---------- STUDY MATERIAL

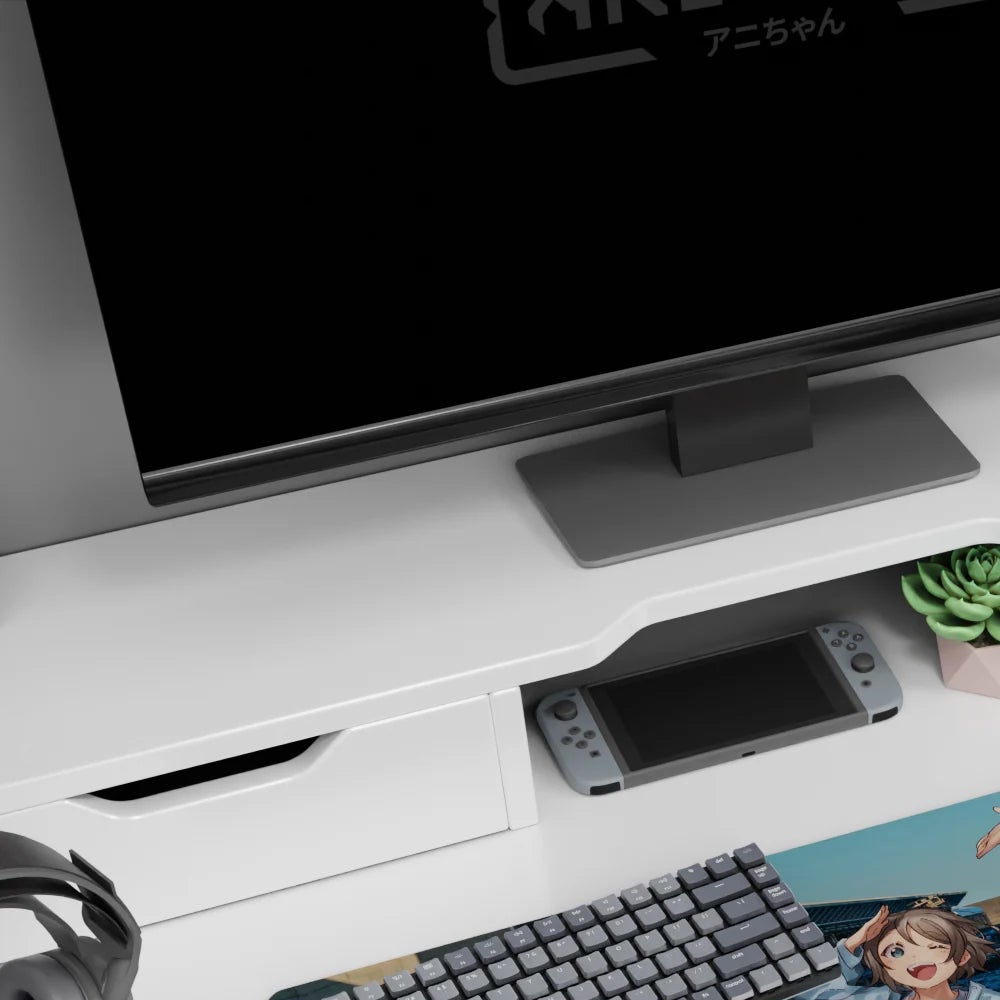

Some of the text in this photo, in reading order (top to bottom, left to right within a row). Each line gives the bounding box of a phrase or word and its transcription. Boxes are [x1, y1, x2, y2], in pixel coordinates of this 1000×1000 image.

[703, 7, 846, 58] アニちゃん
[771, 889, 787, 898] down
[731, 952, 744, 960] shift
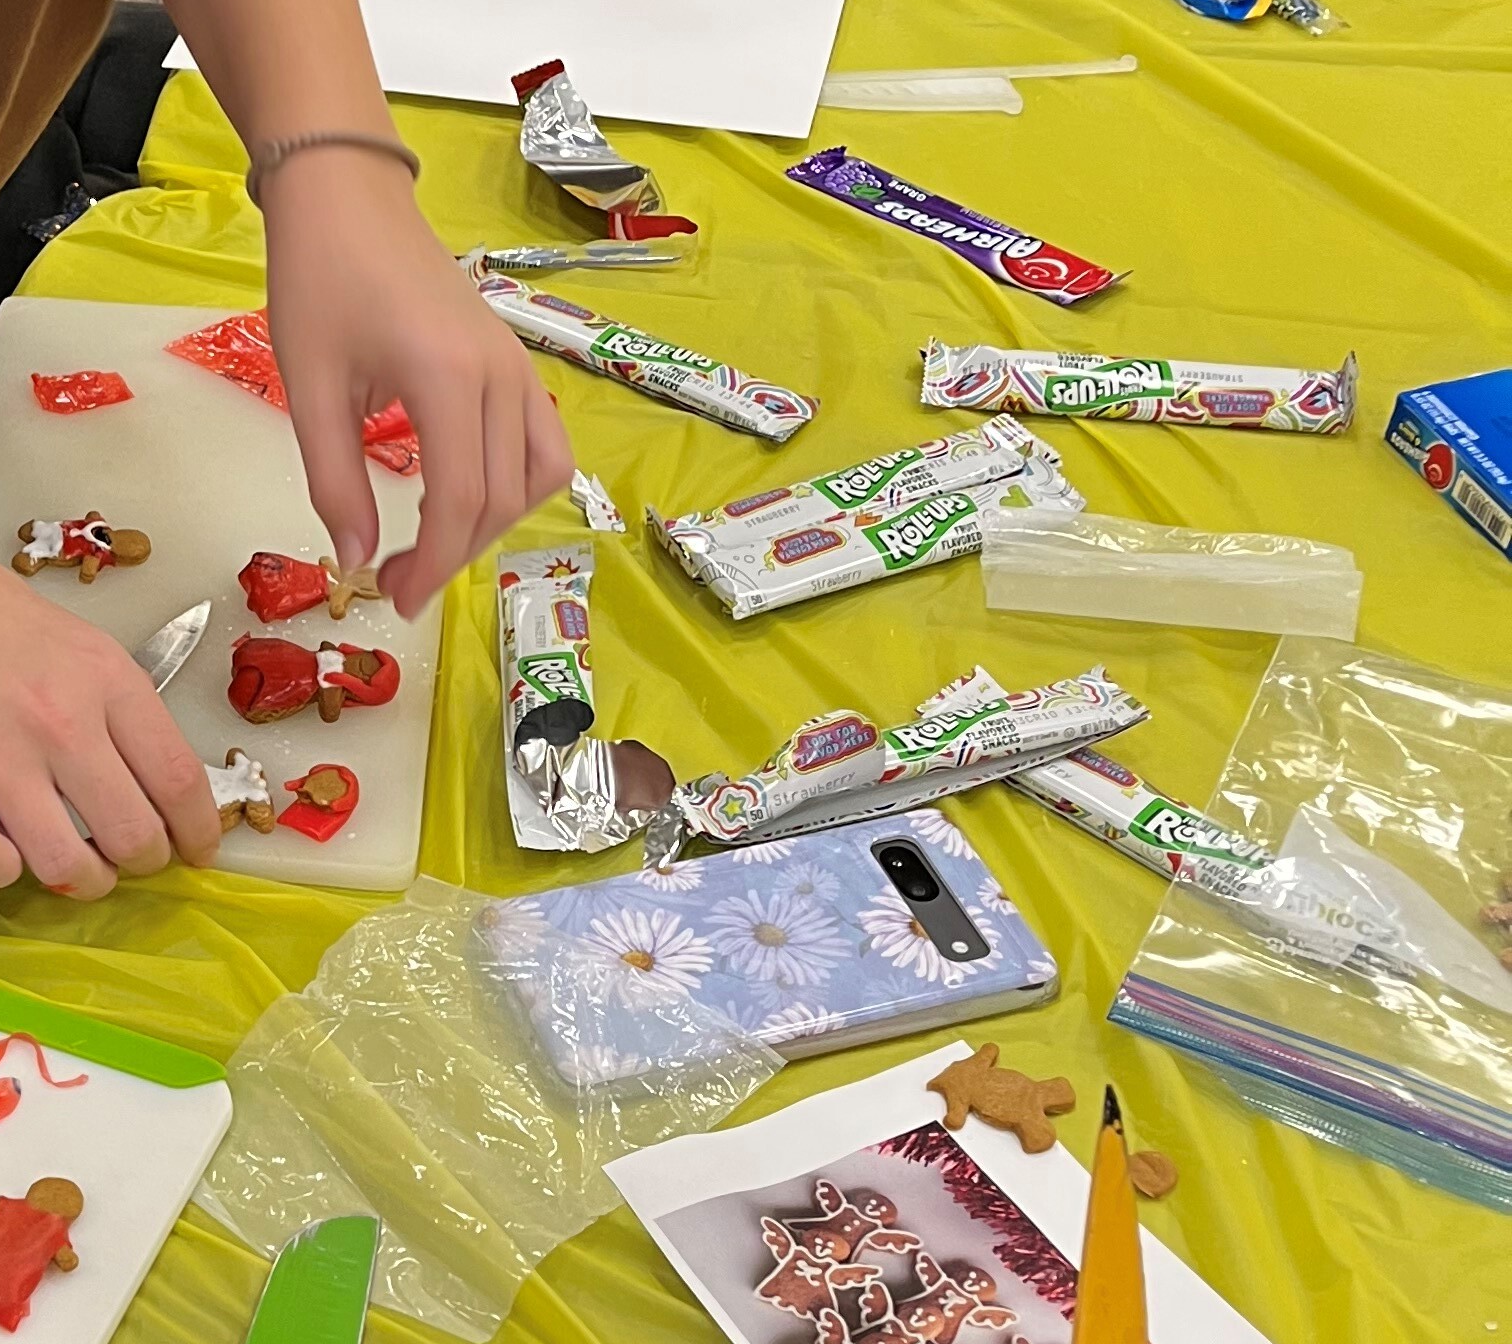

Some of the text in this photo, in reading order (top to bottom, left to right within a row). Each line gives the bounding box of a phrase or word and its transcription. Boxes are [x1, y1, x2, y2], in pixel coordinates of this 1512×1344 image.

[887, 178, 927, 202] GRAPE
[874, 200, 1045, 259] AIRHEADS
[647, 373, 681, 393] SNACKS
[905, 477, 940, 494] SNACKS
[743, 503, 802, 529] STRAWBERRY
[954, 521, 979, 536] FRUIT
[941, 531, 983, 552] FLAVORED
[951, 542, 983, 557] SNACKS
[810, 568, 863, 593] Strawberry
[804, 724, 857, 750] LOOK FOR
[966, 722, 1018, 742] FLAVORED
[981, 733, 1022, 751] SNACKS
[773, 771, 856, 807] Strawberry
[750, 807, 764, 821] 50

--------------------

ACTIVITY:
Give the records above again in full and exactly, but exclude every picture.

SOLVED EXERCISE:
Some of the text in this photo, in reading order (top to bottom, left to right within a row). Each line gives the bounding box of a phrase or word and its transcription. Boxes are [x1, y1, x2, y2], in pixel coordinates of this 1000×1000 image.

[703, 7, 846, 58] アニちゃん
[771, 889, 787, 898] down
[731, 952, 744, 960] shift

Some of the text in this photo, in reading order (top to bottom, left to right within a row). Each line gives the bounding box of a phrase or word and its transcription. Boxes are [x1, y1, x2, y2], in pixel coordinates of this 1512×1344 image.

[887, 178, 927, 202] GRAPE
[874, 200, 1045, 259] AIRHEADS
[647, 373, 681, 393] SNACKS
[905, 477, 940, 494] SNACKS
[743, 503, 802, 529] STRAWBERRY
[954, 521, 979, 536] FRUIT
[941, 531, 983, 552] FLAVORED
[951, 542, 983, 557] SNACKS
[810, 568, 863, 593] Strawberry
[804, 724, 857, 750] LOOK FOR
[966, 722, 1018, 742] FLAVORED
[981, 733, 1022, 751] SNACKS
[773, 771, 856, 807] Strawberry
[750, 807, 764, 821] 50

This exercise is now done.